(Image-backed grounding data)
..........
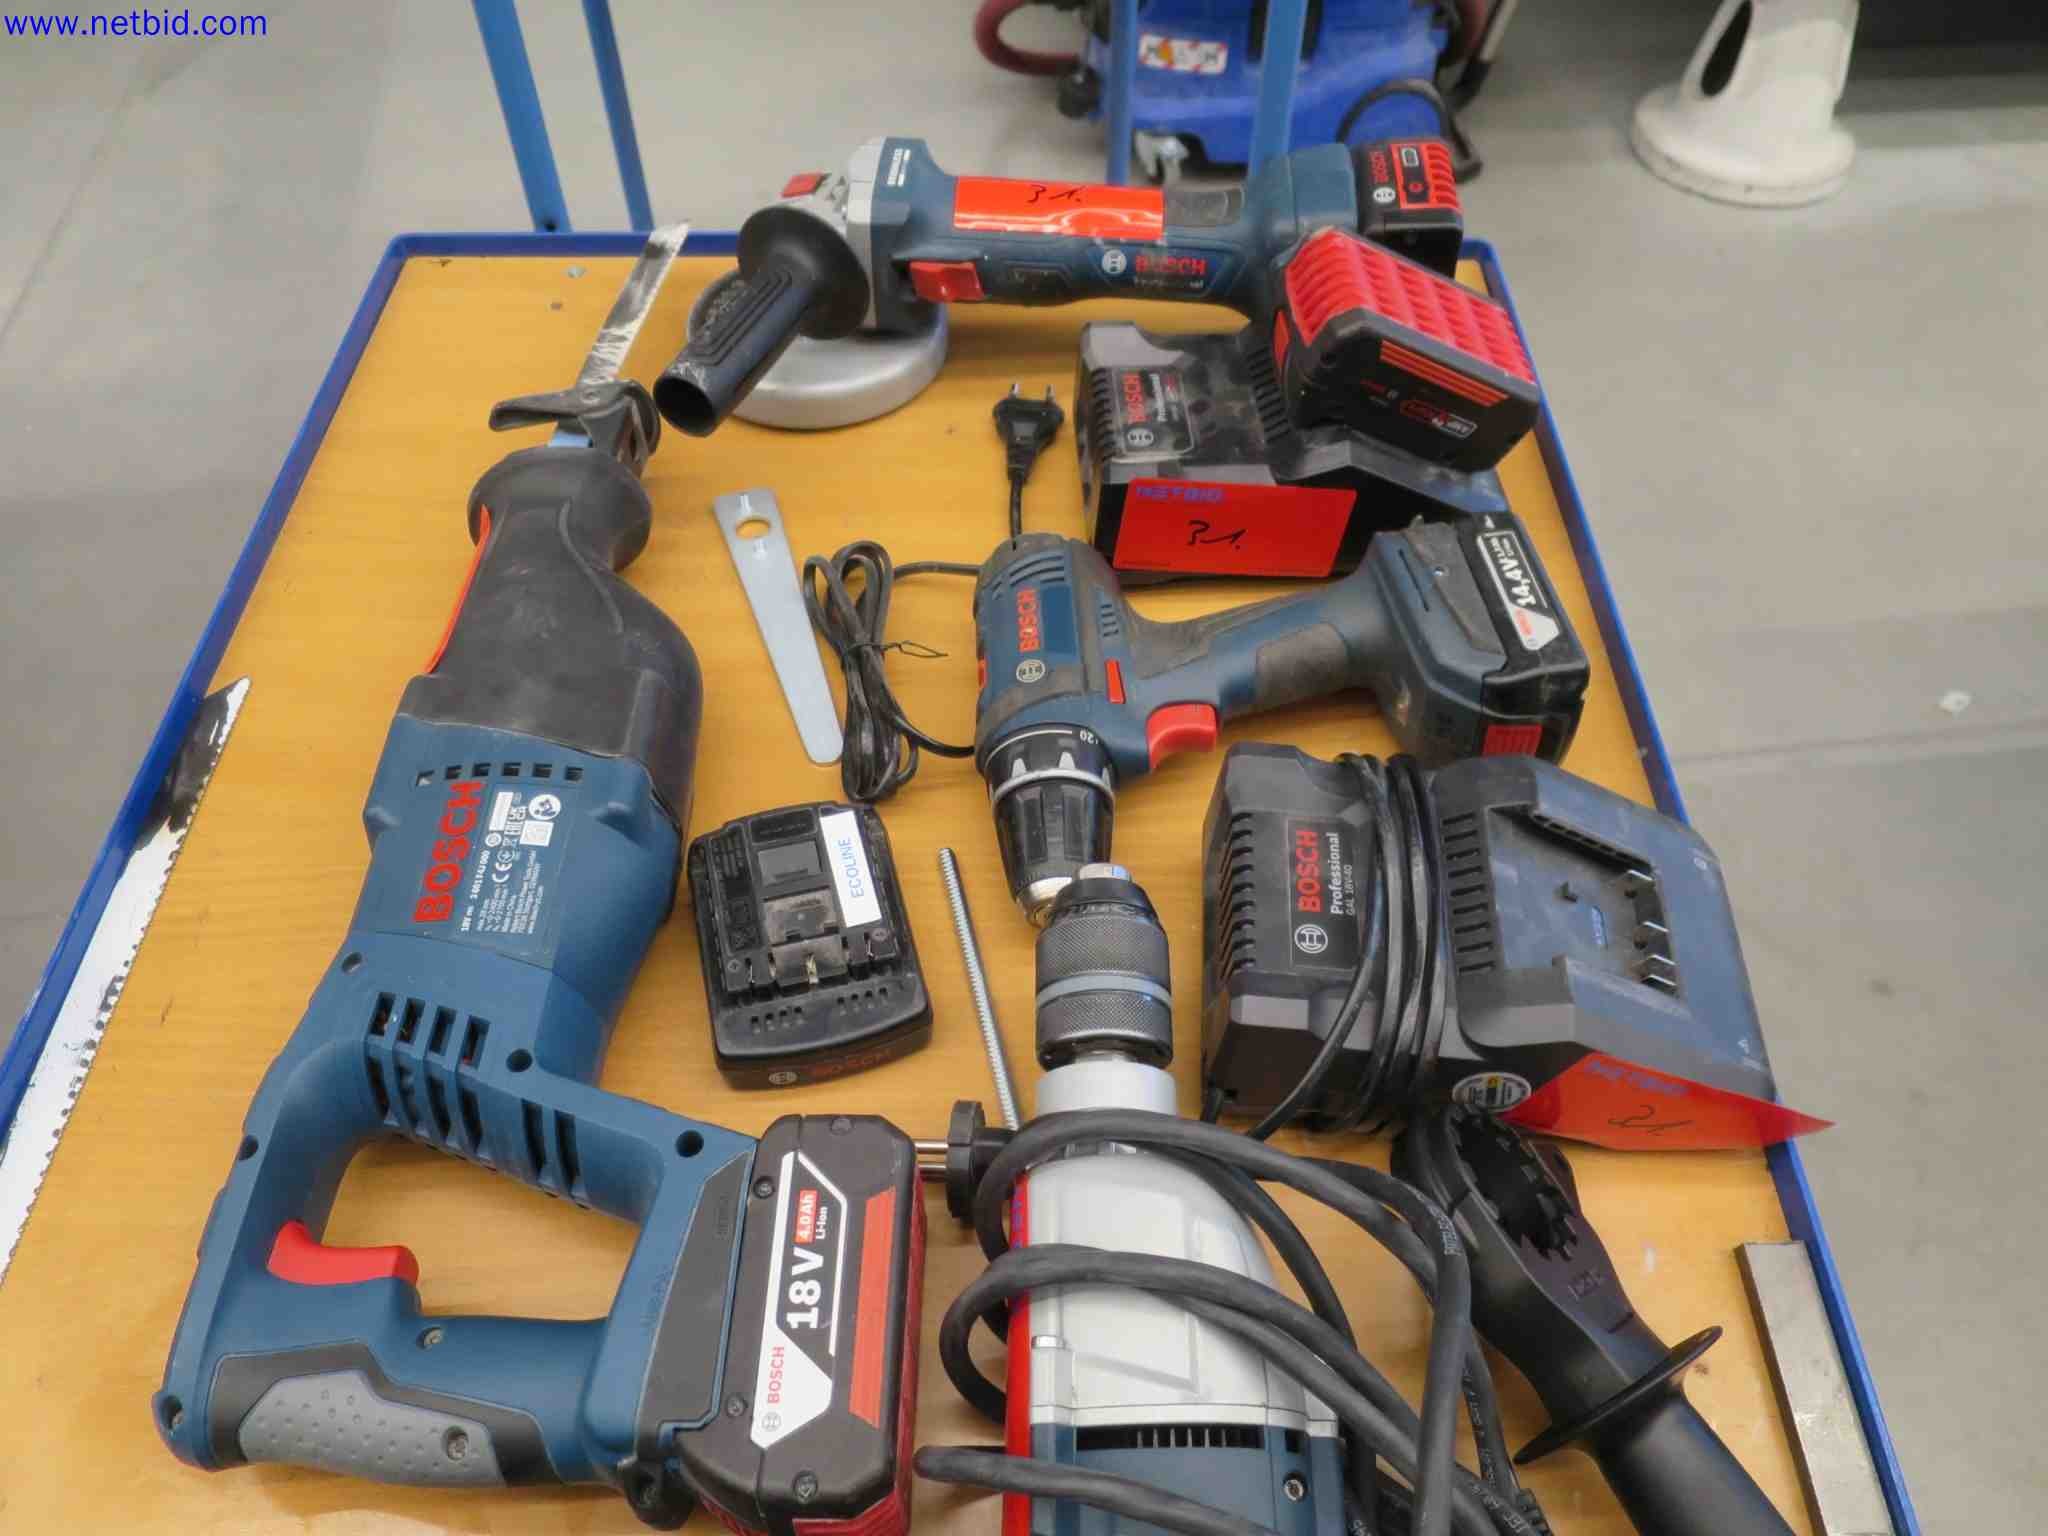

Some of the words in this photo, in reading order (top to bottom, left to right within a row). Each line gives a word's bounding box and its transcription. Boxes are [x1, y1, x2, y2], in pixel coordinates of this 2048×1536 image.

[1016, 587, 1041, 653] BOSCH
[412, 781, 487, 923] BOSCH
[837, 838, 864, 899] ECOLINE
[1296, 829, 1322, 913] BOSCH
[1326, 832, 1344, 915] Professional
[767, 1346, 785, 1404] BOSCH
..........
■ Aim of the exercise
When you copy the entries above, reproduce each line exactly and leave out any pictures.

■ Output for this exercise
Some of the words in this photo, in reading order (top to bottom, left to right within a row). Each line gives a word's bounding box and its transcription. Boxes are [x1, y1, x2, y2], in pixel coordinates of this 2048×1536 image.

[1016, 587, 1041, 653] BOSCH
[412, 781, 487, 923] BOSCH
[837, 838, 864, 899] ECOLINE
[1296, 829, 1322, 913] BOSCH
[1326, 832, 1344, 915] Professional
[767, 1346, 785, 1404] BOSCH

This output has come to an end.